Heart disease characterized by
endomyocardial fibrosis is one of the major causes of morbidity and mortality in the
idiopathic hypereosinophilic syndrome. From our series of 50 patients with idiopathic
hypereosinophilia, we defined the noncardiovascular characteristics that distinguish patients at risk of developing
endomyocardial fibrosis from those who remain free of
heart disease. These groups did not differ with respect to the extent of
eosinophilia or the duration of disease. Patients with clinically overt
heart disease were more likely (p less than 0.05) to be male and HLA-Bw44 positive and have
splenomegaly,
thrombocytopenia, elevated serum levels of
vitamin B12, and hypogranular or vacuolated eosinophils and abnormal early myeloid precursors in the peripheral blood. These idiopathic hypereosinophilic patients with
heart disease were also more likely to have
fibrosis and decreased megakaryocytes in the bone marrow.
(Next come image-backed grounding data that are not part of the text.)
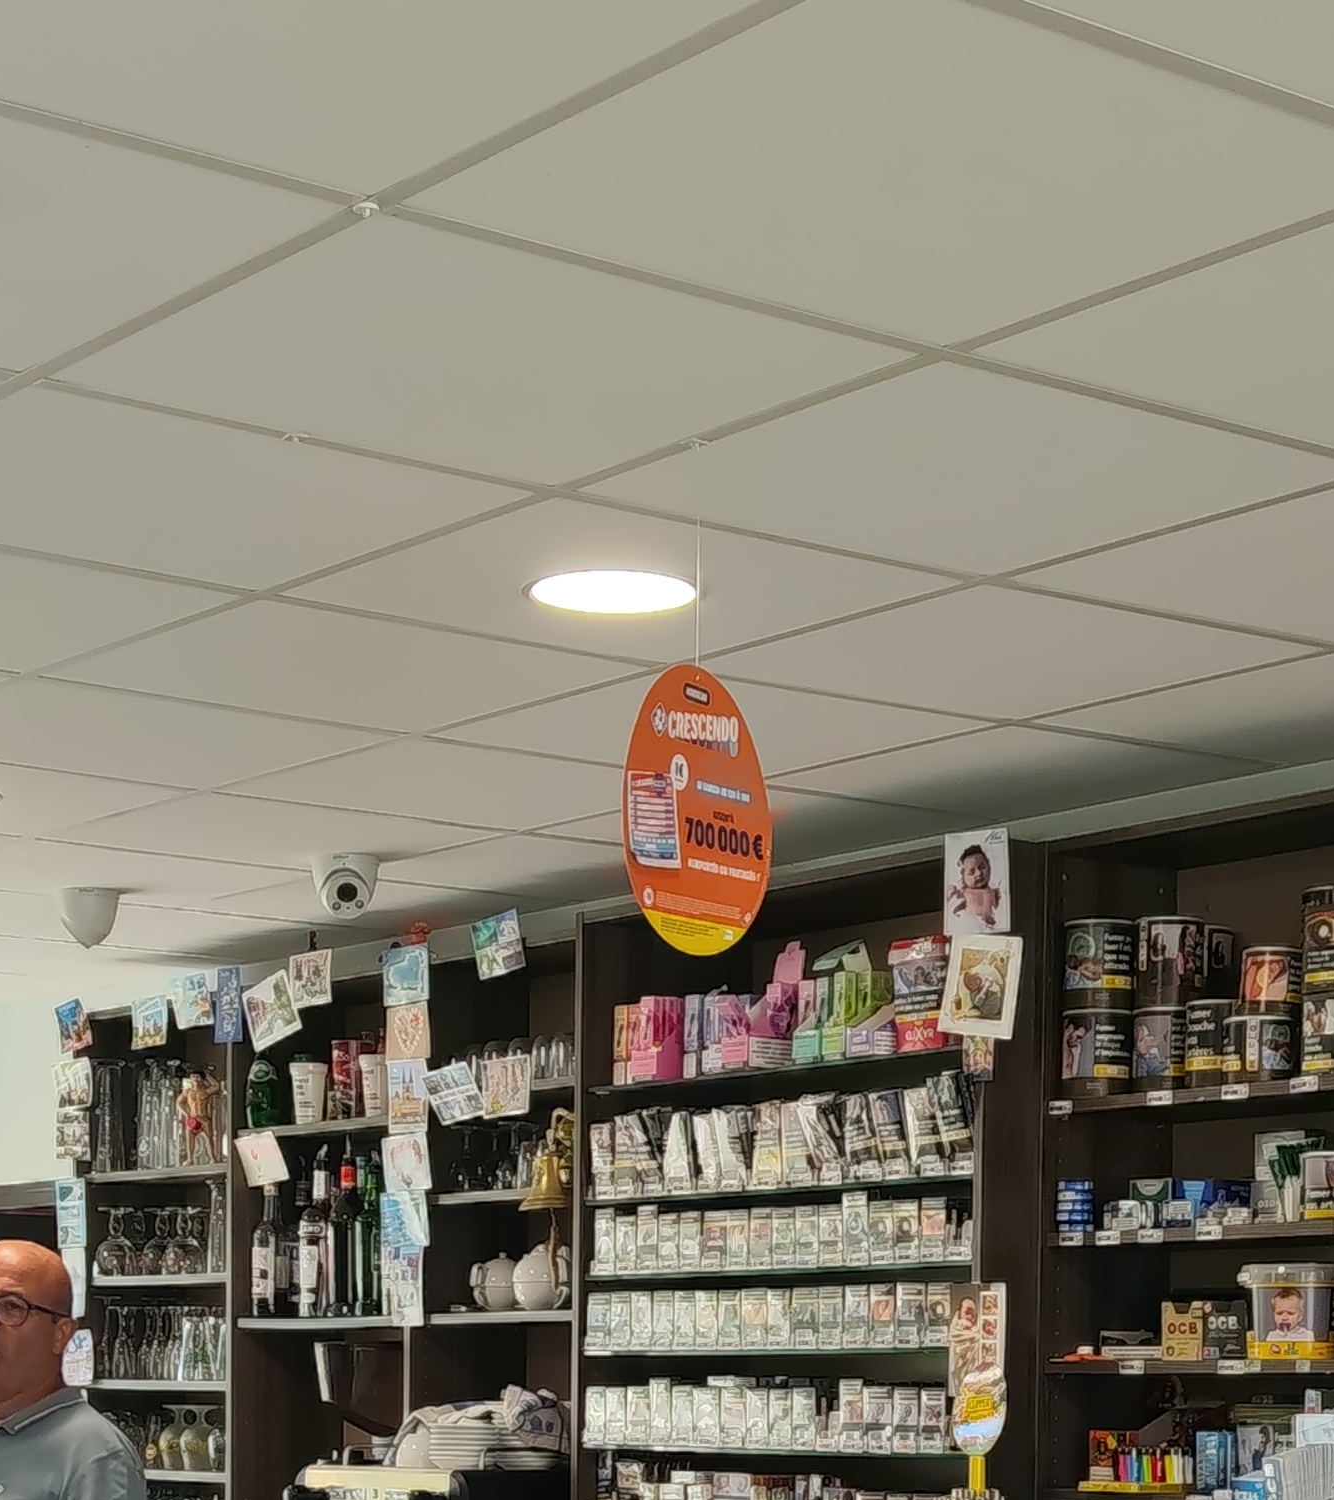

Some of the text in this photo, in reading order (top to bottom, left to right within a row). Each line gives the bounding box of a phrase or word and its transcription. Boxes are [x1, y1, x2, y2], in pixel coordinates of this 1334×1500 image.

[668, 711, 738, 742] CRESCENDO
[685, 816, 715, 849] 700
[718, 825, 750, 857] 000
[1306, 1189, 1330, 1198] Fumer
[1168, 1321, 1198, 1335] OCB
[1207, 1315, 1239, 1330] OCB
In contrast, those who remained free of
heart disease tended to be female and have
angioedema,
hypergammaglobulinemia, elevated serum levels of
immunoglobulin E (
IgE), and circulating
immune complexes. Therefore, in the
idiopathic hypereosinophilic syndrome, male patients with a myeloproliferative type disorder and the HLA-Bw44 haplotype were at a much increased risk for the development of
endomyocardial fibrosis. However, those patients with a
hypersensitivity-like illness and
angioedema who were female did not develop
heart disease. Appreciation of this relative degree of risk for the major complication of the
idiopathic hypereosinophilic syndrome should prove useful in the early identification and appropriate treatment of patients in whom
endomyocardial fibrosis might develop.